The Updated SDP includes other notable statements and provisions, including the items noted below:

  • The OIG explains its goal to reduce the processing time for a self-disclosure to less than 12 months from acceptance.
  • In furtherance of the goal described above, the OIG requires that the internal investigations and damages calculations portions of a self-disclosure be submitted within 90 days from the date of an initial self-disclosure submission.
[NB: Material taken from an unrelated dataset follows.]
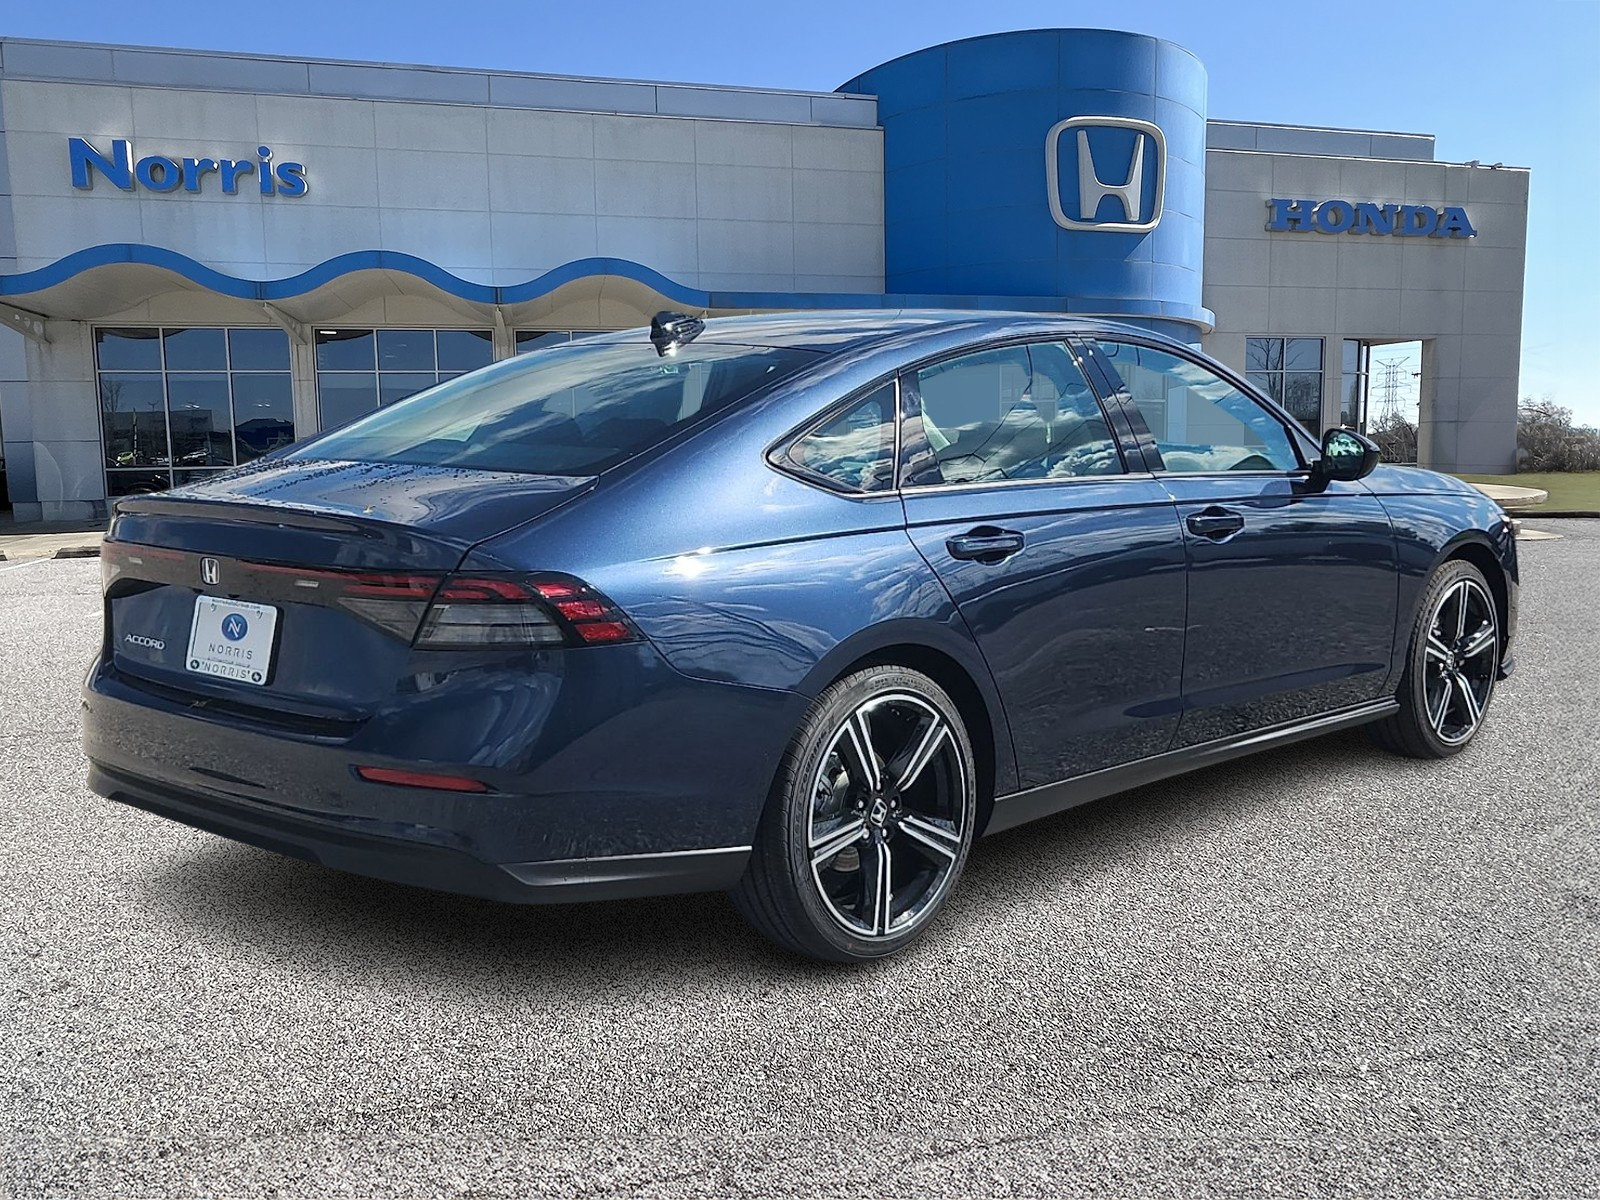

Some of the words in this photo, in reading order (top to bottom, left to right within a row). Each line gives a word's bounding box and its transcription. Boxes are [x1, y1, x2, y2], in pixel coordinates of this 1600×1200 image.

[68, 137, 309, 198] Norris
[1265, 198, 1478, 239] HONDA
[124, 634, 165, 650] ACCORD
[208, 642, 253, 660] NORRIS
Note that previously such investigations and damages calculations were required to be submitted to the OIG within 90 days from the OIG’s acceptance of the SDP.
  • The Updated SDP clarifies that disclosure pursuant to the SDP is not limited to "any particular industry, medical specialty, or type of service," and notes that a pharmaceutical manufacturer or medical device manufacturer may disclose pursuant to the SDP. It also explains that individuals or entities currently under a CIA are not precluded from self-disclosure pursuant to the SDP, and may make a disclosure pursuant to the SDP in addition to making any reports required by the CIA.
  • Similar to the SRDP, the OIG explains both that a disclosing party must (1) acknowledge that the conduct being disclosed is a potential violation; and (2) specifically identify the law(s) potentially violated.
  • The Updated SDP emphasizes that any potential violations disclosed must trigger CMP liability, and explains that if an arrangement results in a potential violation of only the physician self-referral law ("Stark Law"), then the arrangement should be disclosed to the CMS under the SRDP.
  • The Updated SDP requires that disclosing parties agree to waive and not to plead statute of limitations, laches, or any similar defenses in any administrative action filed by the OIG relating to the conduct disclosed, unless such defenses were available to the disclosing party had an administrative action been taken prior to submission of the disclosure.
  • The Updated SDP describes the general content requirements for all disclosures as well as content requirements regarding to four specific types of potential violations: (1) conduct involving false billing; (2) conduct related to excluded persons; (3) conduct potentially violating the AKS; and (4) conduct potentially violation the AKS and Stark Law.
  • The Updated SDP states that in calculating damages for potential anti-kickback statute violations, the OIG generally determines the settlement amount based on a "multiplier of the remuneration conferred by the referral recipient to the individual or entity making the referral." This is consistent with prior guidance in the Open Letters and contrasts with a damage calculation that is based on the value of a tainted referral.
  • As explained in the March 2009 "Open Letter to Health Care Providers," the Updated SDP reiterates that the OIG will require a minimum settlement of $50,000 for anti-kickback statute-related disclosures made pursuant to the SDP. The Updated SDP also states that the OIG requires a minimum settlement of $10,000 for all other matters.